§ **Records for this task**:
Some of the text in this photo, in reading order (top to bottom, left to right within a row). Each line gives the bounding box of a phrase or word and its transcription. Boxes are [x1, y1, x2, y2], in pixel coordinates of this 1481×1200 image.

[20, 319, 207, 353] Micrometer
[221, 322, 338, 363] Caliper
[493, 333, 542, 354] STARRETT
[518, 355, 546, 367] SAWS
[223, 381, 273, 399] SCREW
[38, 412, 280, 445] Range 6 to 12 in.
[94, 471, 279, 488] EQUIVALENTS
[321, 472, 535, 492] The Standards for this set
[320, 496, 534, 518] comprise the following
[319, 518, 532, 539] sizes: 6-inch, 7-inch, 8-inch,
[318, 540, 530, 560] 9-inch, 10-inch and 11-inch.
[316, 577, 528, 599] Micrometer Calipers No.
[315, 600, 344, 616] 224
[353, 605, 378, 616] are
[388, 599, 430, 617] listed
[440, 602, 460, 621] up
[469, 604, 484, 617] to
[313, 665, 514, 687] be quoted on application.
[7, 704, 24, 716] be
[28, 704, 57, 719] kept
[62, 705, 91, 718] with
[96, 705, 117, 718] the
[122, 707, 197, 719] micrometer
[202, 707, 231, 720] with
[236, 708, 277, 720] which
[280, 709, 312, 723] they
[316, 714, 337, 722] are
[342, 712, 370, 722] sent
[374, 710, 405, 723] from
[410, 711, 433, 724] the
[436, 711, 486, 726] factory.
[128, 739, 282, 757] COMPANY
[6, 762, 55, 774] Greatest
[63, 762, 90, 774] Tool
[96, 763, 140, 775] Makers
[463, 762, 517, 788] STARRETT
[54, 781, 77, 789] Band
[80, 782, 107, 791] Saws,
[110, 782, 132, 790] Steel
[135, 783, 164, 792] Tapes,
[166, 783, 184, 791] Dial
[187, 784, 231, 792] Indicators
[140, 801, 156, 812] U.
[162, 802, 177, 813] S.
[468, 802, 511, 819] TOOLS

§ **Work instruction**:
Your task is to print all of the records exactly.

§ **Solved exercise**:
Some of the text in this photo, in reading order (top to bottom, left to right within a row). Each line gives the bounding box of a phrase or word and its transcription. Boxes are [x1, y1, x2, y2], in pixel coordinates of this 1481×1200 image.

[20, 319, 207, 353] Micrometer
[221, 322, 338, 363] Caliper
[493, 333, 542, 354] STARRETT
[518, 355, 546, 367] SAWS
[223, 381, 273, 399] SCREW
[38, 412, 280, 445] Range 6 to 12 in.
[94, 471, 279, 488] EQUIVALENTS
[321, 472, 535, 492] The Standards for this set
[320, 496, 534, 518] comprise the following
[319, 518, 532, 539] sizes: 6-inch, 7-inch, 8-inch,
[318, 540, 530, 560] 9-inch, 10-inch and 11-inch.
[316, 577, 528, 599] Micrometer Calipers No.
[315, 600, 344, 616] 224
[353, 605, 378, 616] are
[388, 599, 430, 617] listed
[440, 602, 460, 621] up
[469, 604, 484, 617] to
[313, 665, 514, 687] be quoted on application.
[7, 704, 24, 716] be
[28, 704, 57, 719] kept
[62, 705, 91, 718] with
[96, 705, 117, 718] the
[122, 707, 197, 719] micrometer
[202, 707, 231, 720] with
[236, 708, 277, 720] which
[280, 709, 312, 723] they
[316, 714, 337, 722] are
[342, 712, 370, 722] sent
[374, 710, 405, 723] from
[410, 711, 433, 724] the
[436, 711, 486, 726] factory.
[128, 739, 282, 757] COMPANY
[6, 762, 55, 774] Greatest
[63, 762, 90, 774] Tool
[96, 763, 140, 775] Makers
[463, 762, 517, 788] STARRETT
[54, 781, 77, 789] Band
[80, 782, 107, 791] Saws,
[110, 782, 132, 790] Steel
[135, 783, 164, 792] Tapes,
[166, 783, 184, 791] Dial
[187, 784, 231, 792] Indicators
[140, 801, 156, 812] U.
[162, 802, 177, 813] S.
[468, 802, 511, 819] TOOLS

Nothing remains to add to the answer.